Unprotected Nature
David Přílučík’s chapter Unprotected Nature focuses on the formation and still changing discourse on how we understand the concept of nature and what it entails, especially when we talk about its protection. The chapter is divided into three parts - a three-part podcast, four text interviews interspersed with artworks, and an art video.
These different parts of the media are based on the assumption (strange as it may sound) that modern conceptions and thinking about nature can hinder adequate responses to environmental problems. Nature has long been seen as a neutral category that confirms the status quo, so thinking about it has been - from certain angles - overlooked.
What is the role of nature? Some say that nature has always been there. Others say that it was not discovered but gradually invented. This perspective implies that there is no one nature in thinking about nature, but a variety of contested natures that arise through more-than-human coexistence. Any understanding of what nature means thus necessarily involves an understanding of the society in which (or by which) it is shaped. The Unprotected Nature project seeks ways in which we can consciously participate in processes of understanding beyond established ideas.
Racism, slavery, extractivism and reproductive labour are just some of the effects that the surviving natural/non-natural divide has had on everyday life. Its modern conception of nature seems to have the enduring power to legitimize often contradictory tendencies. It juxtaposes proponents and opponents of the traditional family, hunters and animal protectors, science lovers and conspiracy theorists.

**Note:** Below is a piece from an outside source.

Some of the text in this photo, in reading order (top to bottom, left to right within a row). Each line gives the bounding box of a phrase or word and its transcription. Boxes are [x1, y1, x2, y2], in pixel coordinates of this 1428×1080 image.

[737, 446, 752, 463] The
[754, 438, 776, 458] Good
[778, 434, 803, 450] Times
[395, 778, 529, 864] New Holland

Although the division between human and non-human is proving outdated, recent events remind us that we are still living in the grip of this idea. The more we are confronted with the events that the dualistic positioning of humans as superior to their environment has brought us in the form of climate change, pandemics, genocides or energy crises, the more we need to continue to critique this issue in a broader context.

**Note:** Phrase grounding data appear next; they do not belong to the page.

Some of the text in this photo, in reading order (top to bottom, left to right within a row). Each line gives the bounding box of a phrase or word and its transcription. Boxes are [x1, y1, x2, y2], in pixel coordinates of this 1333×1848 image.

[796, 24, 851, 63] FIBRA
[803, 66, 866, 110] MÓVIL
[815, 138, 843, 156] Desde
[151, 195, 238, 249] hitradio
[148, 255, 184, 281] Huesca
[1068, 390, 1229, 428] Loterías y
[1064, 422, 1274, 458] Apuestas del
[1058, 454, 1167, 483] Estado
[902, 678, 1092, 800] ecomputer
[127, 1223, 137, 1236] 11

How then to update or move beyond an outdated notion? The possible explanations that modernity has offered (and that still persist today) have become rather complicit in the problem, without providing any solutions. The chapter Unprotected Nature offers a persistence in this ambiguous constellation. It does not attempt to define, but rather to reflect on the ambiguity and problematize the universal status that surrounds nature. As we come to know nature, we also unravel our own, human, story. A story made up of spindles of dreams, needs and practices. Along with questions about nature, its conservation and history, we thus come to know our own limits and possibilities.
Through the contributions of researchers, theorists, artists and scientists, we seek to understand, through podcasts, publications and experimental film, how the discourse around nature is shaped, who and how is involved in its management, and which practices and voices are not heard. In doing so, we create a space where the conventional perspective of nature ceases to be protected by the traditional framework and opens it up to new interspecies meanings and alliances.